▸ WHAT TO WORK ON:
Reproduce the records that follow exactly as they are written.

▸ INFORMATION SHOWN:
******************************

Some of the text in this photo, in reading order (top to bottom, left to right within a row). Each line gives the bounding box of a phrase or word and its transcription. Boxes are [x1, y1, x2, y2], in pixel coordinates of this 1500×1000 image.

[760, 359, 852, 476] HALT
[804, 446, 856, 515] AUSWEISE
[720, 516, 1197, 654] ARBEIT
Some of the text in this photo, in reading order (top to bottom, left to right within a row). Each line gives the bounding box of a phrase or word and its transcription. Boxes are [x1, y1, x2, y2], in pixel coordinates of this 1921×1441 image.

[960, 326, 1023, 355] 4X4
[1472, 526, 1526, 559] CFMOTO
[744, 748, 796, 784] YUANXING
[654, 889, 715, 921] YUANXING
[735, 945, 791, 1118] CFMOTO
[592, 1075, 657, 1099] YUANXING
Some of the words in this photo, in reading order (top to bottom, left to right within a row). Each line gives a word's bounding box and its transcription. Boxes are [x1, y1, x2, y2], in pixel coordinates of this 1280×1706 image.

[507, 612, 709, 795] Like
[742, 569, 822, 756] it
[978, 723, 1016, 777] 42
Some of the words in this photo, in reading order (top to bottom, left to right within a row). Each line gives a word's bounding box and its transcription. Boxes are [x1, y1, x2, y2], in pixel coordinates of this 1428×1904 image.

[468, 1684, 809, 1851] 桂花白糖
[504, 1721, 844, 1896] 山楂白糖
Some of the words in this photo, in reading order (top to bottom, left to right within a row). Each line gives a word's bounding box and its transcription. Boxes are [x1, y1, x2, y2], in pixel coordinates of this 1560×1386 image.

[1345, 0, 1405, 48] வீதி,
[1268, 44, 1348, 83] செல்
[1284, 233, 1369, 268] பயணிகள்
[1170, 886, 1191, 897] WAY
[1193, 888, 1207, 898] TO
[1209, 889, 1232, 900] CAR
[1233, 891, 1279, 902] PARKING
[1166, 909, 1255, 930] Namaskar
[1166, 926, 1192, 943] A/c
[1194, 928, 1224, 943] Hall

******************************

▸ THE COMPLETED TASK:
Some of the text in this photo, in reading order (top to bottom, left to right within a row). Each line gives the bounding box of a phrase or word and its transcription. Boxes are [x1, y1, x2, y2], in pixel coordinates of this 1500×1000 image.

[760, 359, 852, 476] HALT
[804, 446, 856, 515] AUSWEISE
[720, 516, 1197, 654] ARBEIT
Some of the text in this photo, in reading order (top to bottom, left to right within a row). Each line gives the bounding box of a phrase or word and its transcription. Boxes are [x1, y1, x2, y2], in pixel coordinates of this 1921×1441 image.

[960, 326, 1023, 355] 4X4
[1472, 526, 1526, 559] CFMOTO
[744, 748, 796, 784] YUANXING
[654, 889, 715, 921] YUANXING
[735, 945, 791, 1118] CFMOTO
[592, 1075, 657, 1099] YUANXING
Some of the words in this photo, in reading order (top to bottom, left to right within a row). Each line gives a word's bounding box and its transcription. Boxes are [x1, y1, x2, y2], in pixel coordinates of this 1280×1706 image.

[507, 612, 709, 795] Like
[742, 569, 822, 756] it
[978, 723, 1016, 777] 42
Some of the words in this photo, in reading order (top to bottom, left to right within a row). Each line gives a word's bounding box and its transcription. Boxes are [x1, y1, x2, y2], in pixel coordinates of this 1428×1904 image.

[468, 1684, 809, 1851] 桂花白糖
[504, 1721, 844, 1896] 山楂白糖
Some of the words in this photo, in reading order (top to bottom, left to right within a row). Each line gives a word's bounding box and its transcription. Boxes are [x1, y1, x2, y2], in pixel coordinates of this 1560×1386 image.

[1345, 0, 1405, 48] வீதி,
[1268, 44, 1348, 83] செல்
[1284, 233, 1369, 268] பயணிகள்
[1170, 886, 1191, 897] WAY
[1193, 888, 1207, 898] TO
[1209, 889, 1232, 900] CAR
[1233, 891, 1279, 902] PARKING
[1166, 909, 1255, 930] Namaskar
[1166, 926, 1192, 943] A/c
[1194, 928, 1224, 943] Hall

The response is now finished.